EXTRACTED INFORMATION START

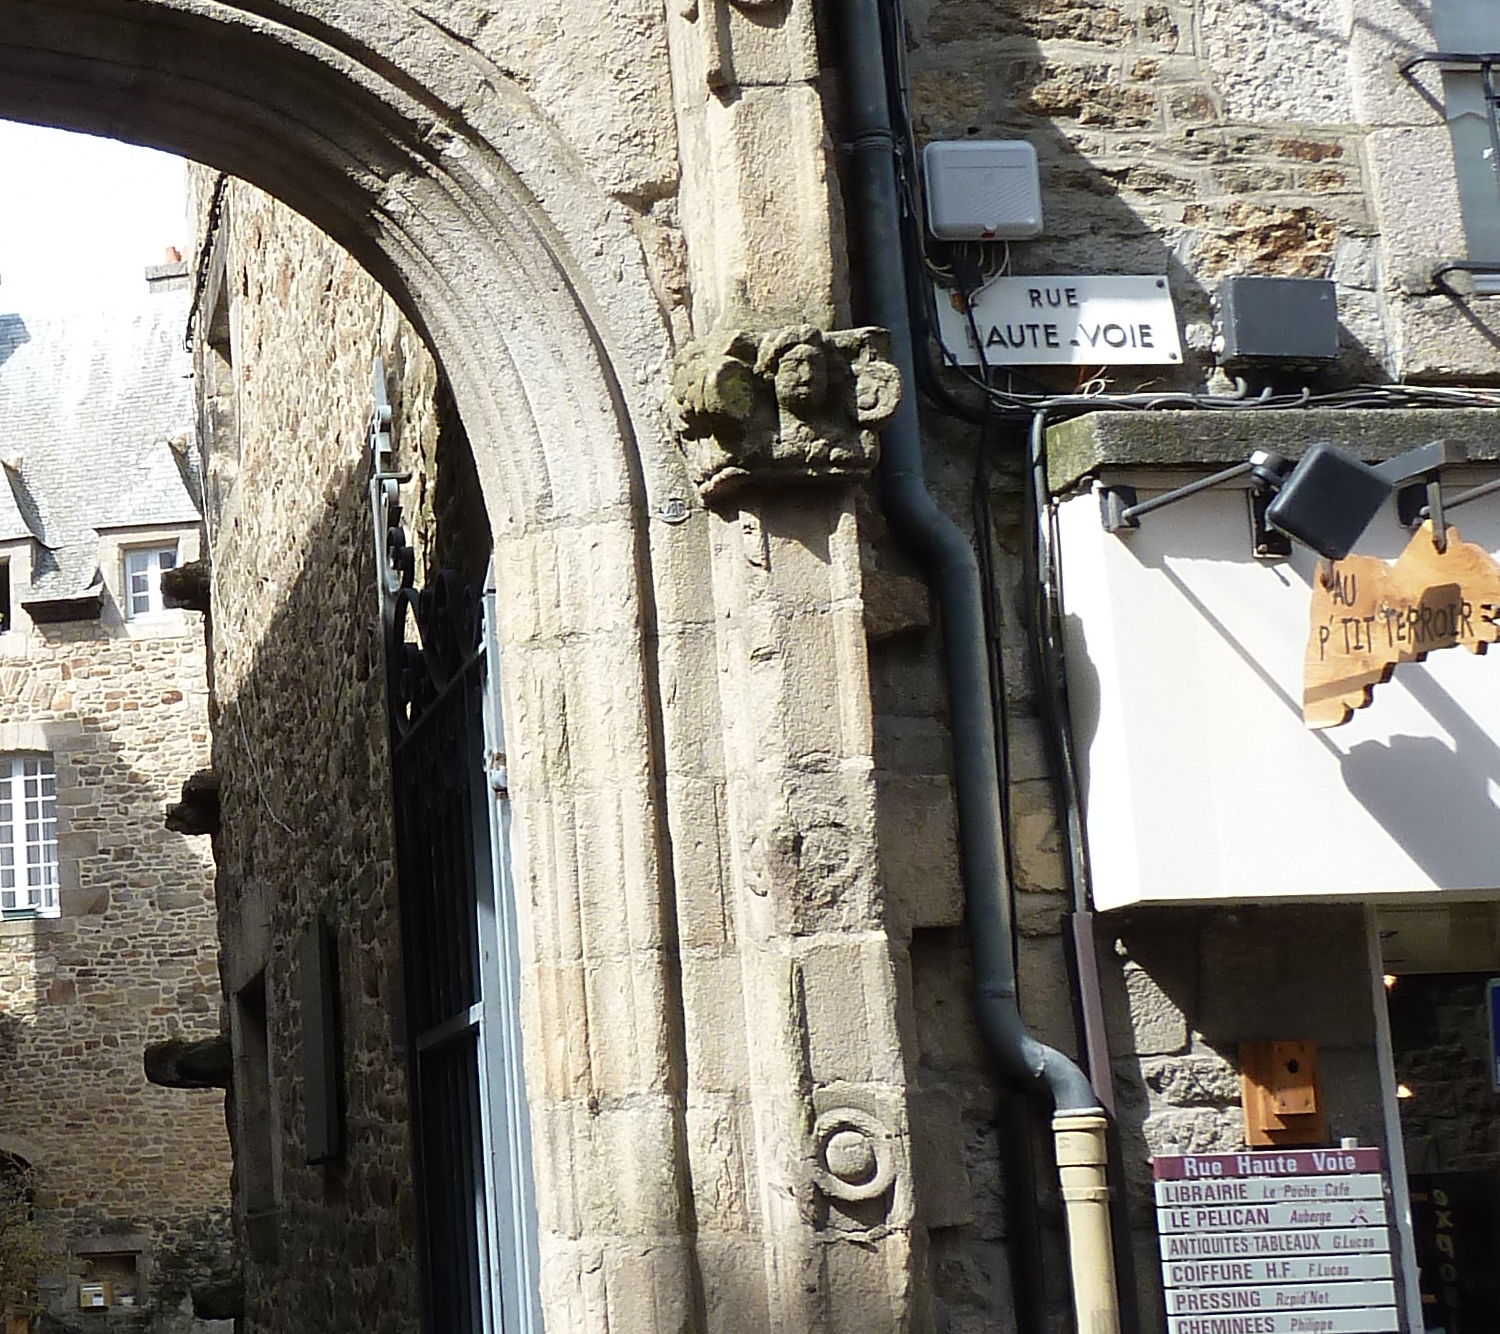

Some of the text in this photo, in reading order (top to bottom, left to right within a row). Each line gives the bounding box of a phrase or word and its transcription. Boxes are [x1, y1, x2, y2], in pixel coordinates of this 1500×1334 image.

[1028, 288, 1079, 307] RUE
[1079, 324, 1155, 348] VOIE
[1333, 571, 1357, 606] AU
[1382, 598, 1475, 648] TERROIR
[1184, 1152, 1357, 1177] Rue Haute Voie
[1165, 1184, 1248, 1203] LIBRAIRIE
[1263, 1185, 1275, 1199] Le
[1171, 1208, 1332, 1228] LE PELICAN Auberge
[1169, 1235, 1376, 1256] ANTIQUITES-TABLEAUX G.Lucas
[1172, 1263, 1253, 1282] COIFFURE
[1308, 1263, 1350, 1277] F.Lucas
[1176, 1291, 1261, 1310] PRESSING
[1290, 1318, 1334, 1333] Philippe

EXTRACTED INFORMATION END

## EXERCISE DIRECTIONS
Leave the pictures out and return the rest of the material exactly.

## SOLUTION FOR THIS TASK
Some of the text in this photo, in reading order (top to bottom, left to right within a row). Each line gives the bounding box of a phrase or word and its transcription. Boxes are [x1, y1, x2, y2], in pixel coordinates of this 1500×1334 image.

[1028, 288, 1079, 307] RUE
[1079, 324, 1155, 348] VOIE
[1333, 571, 1357, 606] AU
[1382, 598, 1475, 648] TERROIR
[1184, 1152, 1357, 1177] Rue Haute Voie
[1165, 1184, 1248, 1203] LIBRAIRIE
[1263, 1185, 1275, 1199] Le
[1171, 1208, 1332, 1228] LE PELICAN Auberge
[1169, 1235, 1376, 1256] ANTIQUITES-TABLEAUX G.Lucas
[1172, 1263, 1253, 1282] COIFFURE
[1308, 1263, 1350, 1277] F.Lucas
[1176, 1291, 1261, 1310] PRESSING
[1290, 1318, 1334, 1333] Philippe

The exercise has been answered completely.